Assignment: Set down the entries below exactly, leaving out all images.

Information supplied:

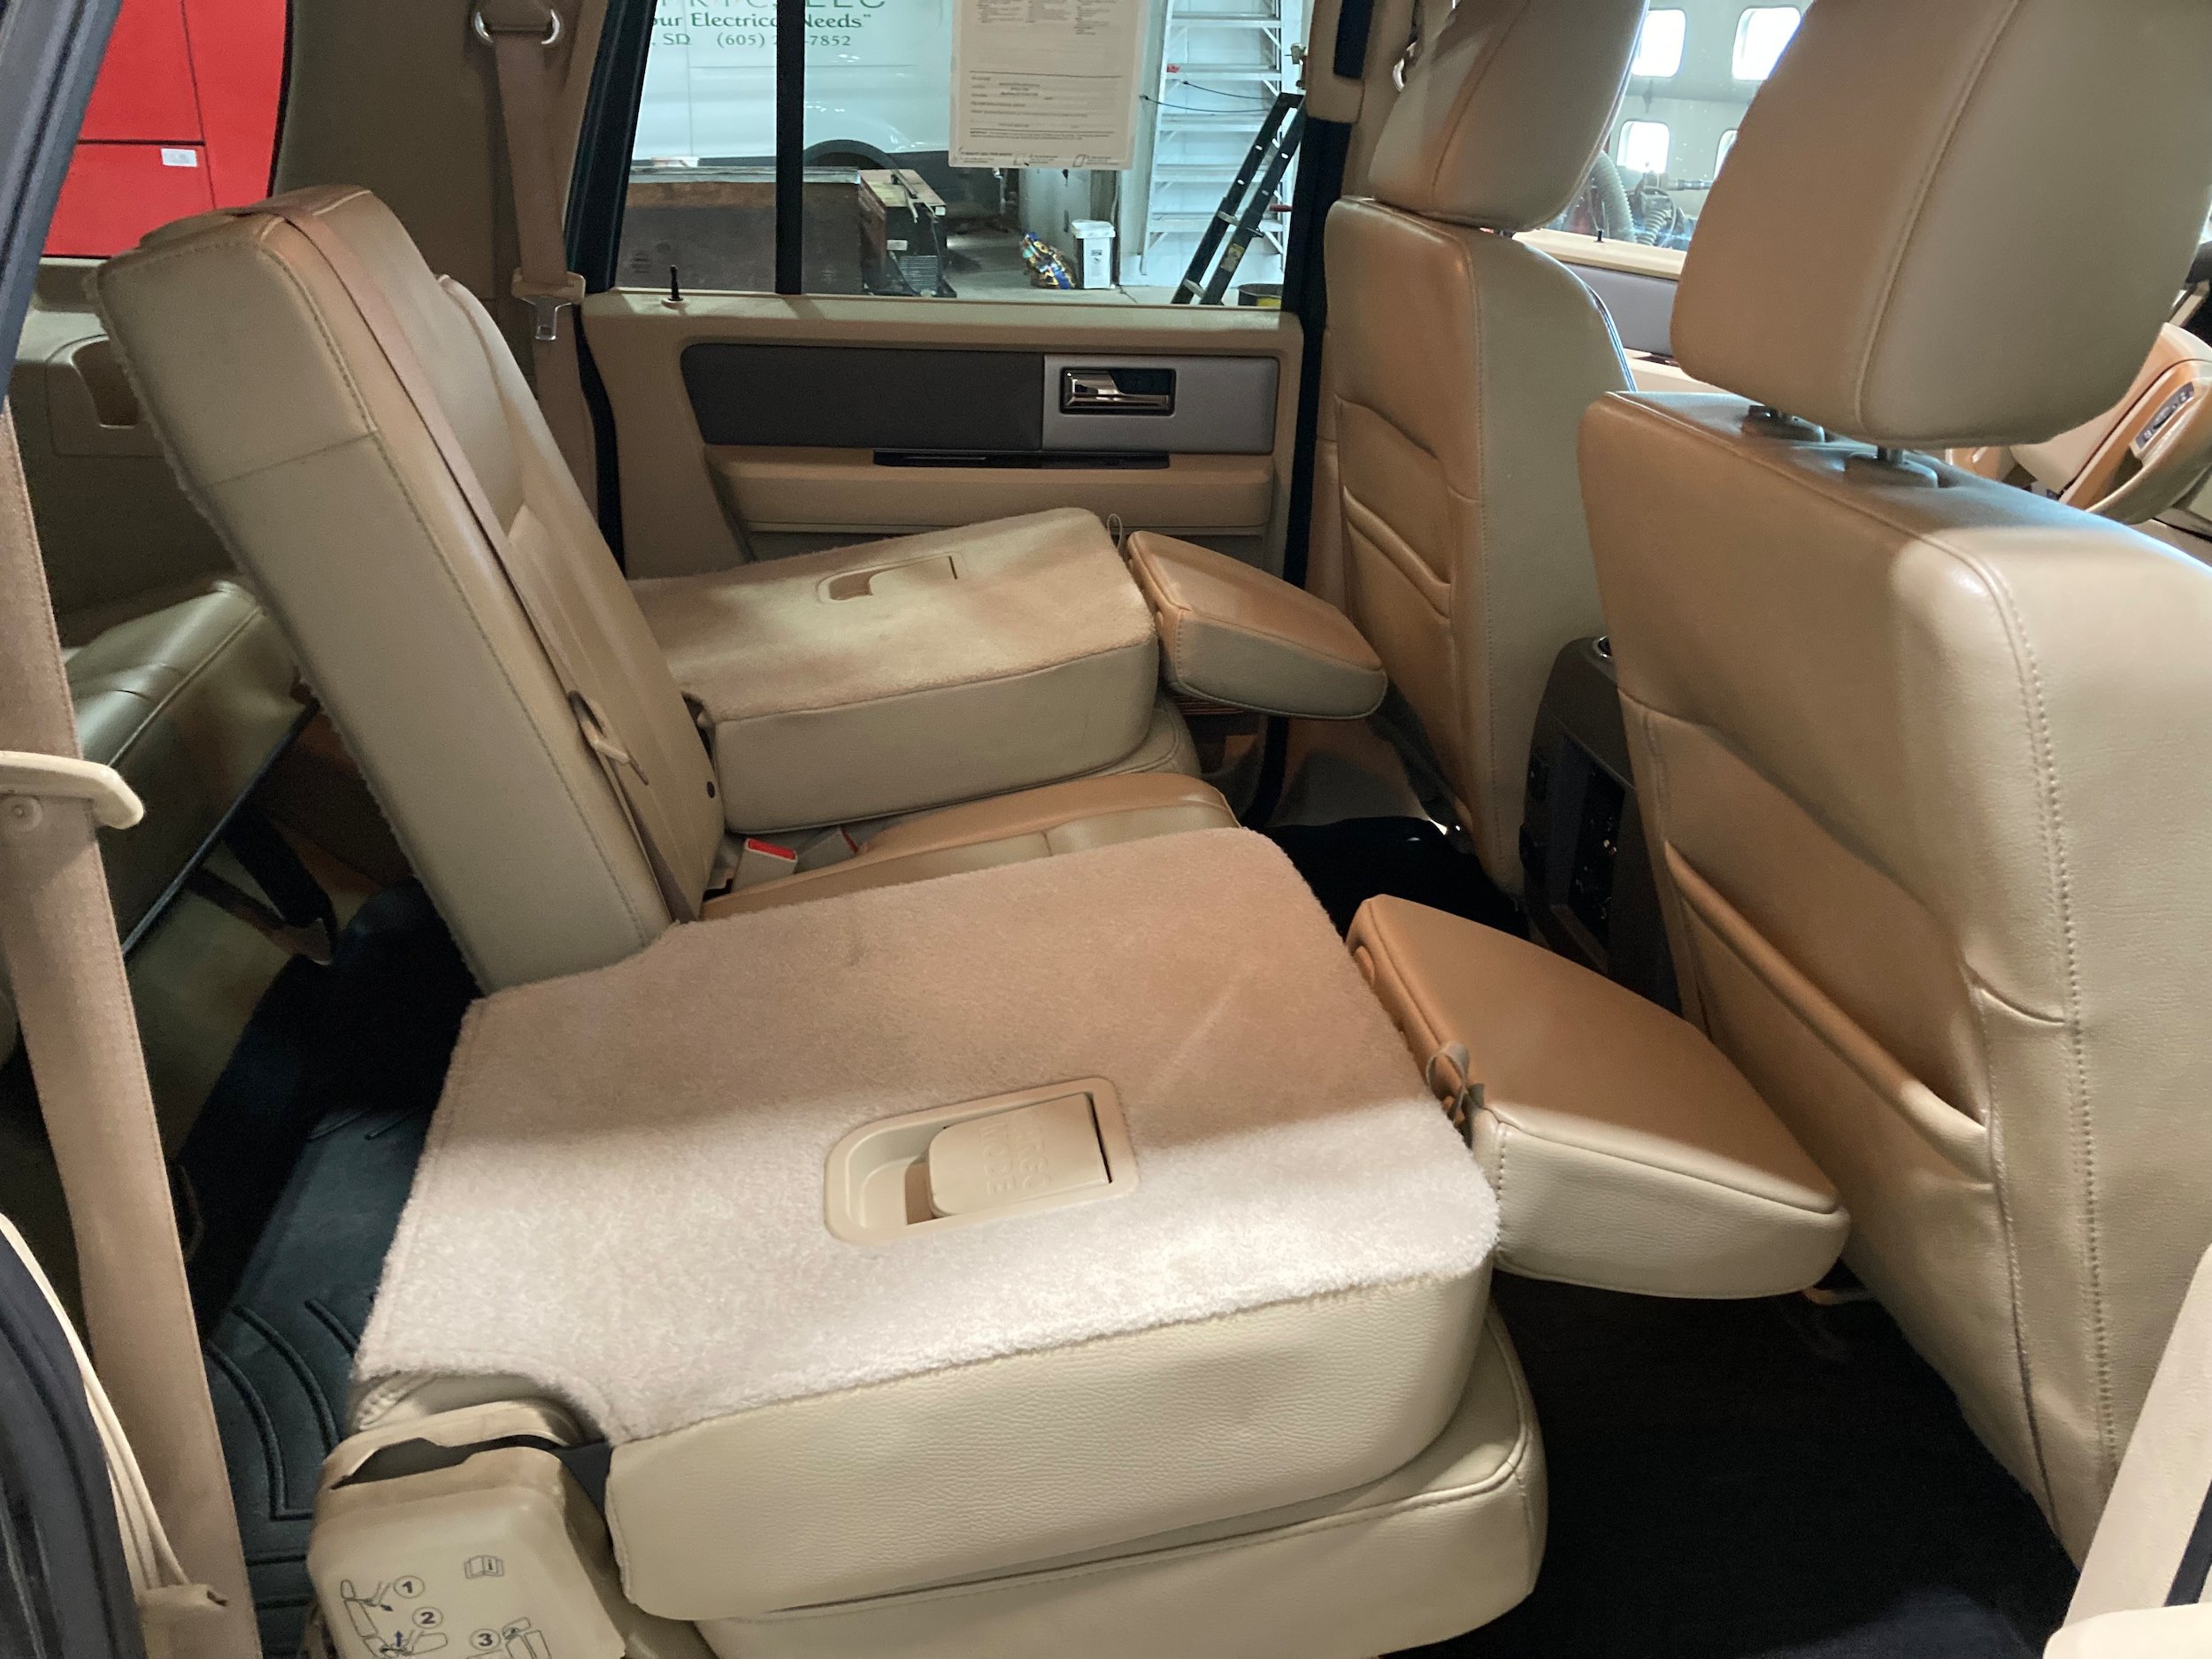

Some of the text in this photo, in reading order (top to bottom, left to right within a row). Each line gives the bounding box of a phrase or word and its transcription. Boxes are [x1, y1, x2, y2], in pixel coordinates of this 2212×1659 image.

[662, 33, 693, 46] SD
[717, 32, 766, 49] (605)
[402, 1580, 413, 1594] 1
[420, 1611, 436, 1624] 2
[477, 1632, 493, 1647] 3
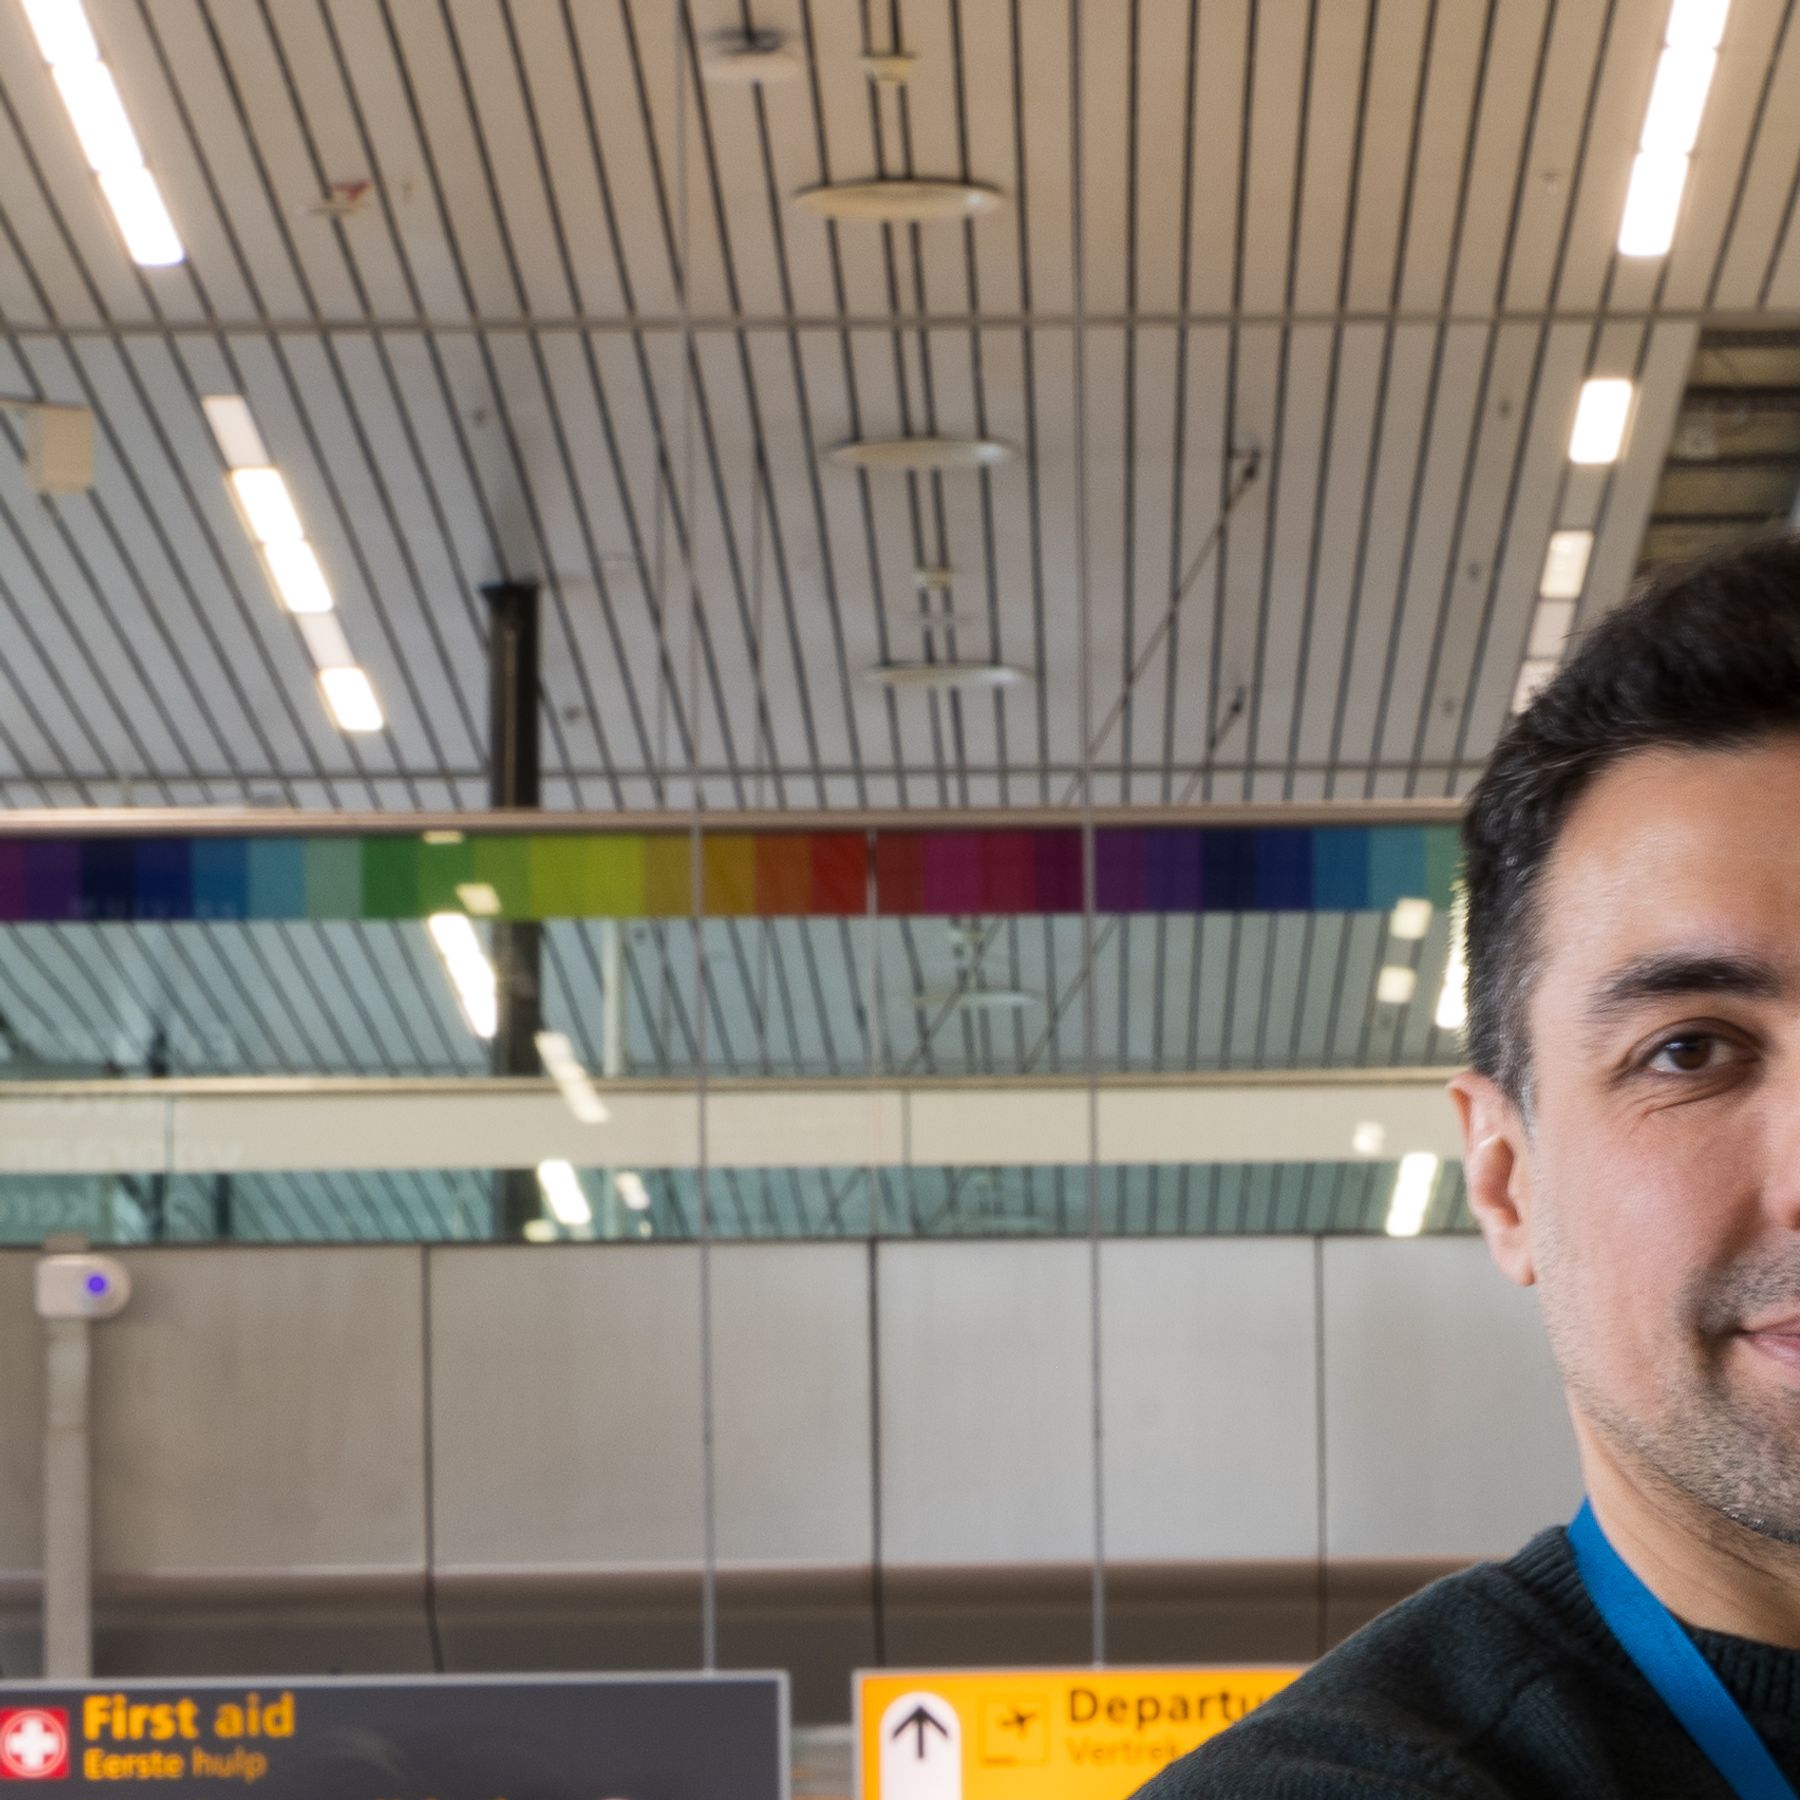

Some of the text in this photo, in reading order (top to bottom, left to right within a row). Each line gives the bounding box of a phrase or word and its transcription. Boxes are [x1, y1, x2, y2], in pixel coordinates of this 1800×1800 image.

[83, 1691, 294, 1740] First aid
[84, 1746, 267, 1782] Eerste hulp

Result of this exercise:
Some of the text in this photo, in reading order (top to bottom, left to right within a row). Each line gives the bounding box of a phrase or word and its transcription. Boxes are [x1, y1, x2, y2], in pixel coordinates of this 2212×1659 image.

[662, 33, 693, 46] SD
[717, 32, 766, 49] (605)
[402, 1580, 413, 1594] 1
[420, 1611, 436, 1624] 2
[477, 1632, 493, 1647] 3

Some of the text in this photo, in reading order (top to bottom, left to right within a row). Each line gives the bounding box of a phrase or word and its transcription. Boxes are [x1, y1, x2, y2], in pixel coordinates of this 1800×1800 image.

[83, 1691, 294, 1740] First aid
[84, 1746, 267, 1782] Eerste hulp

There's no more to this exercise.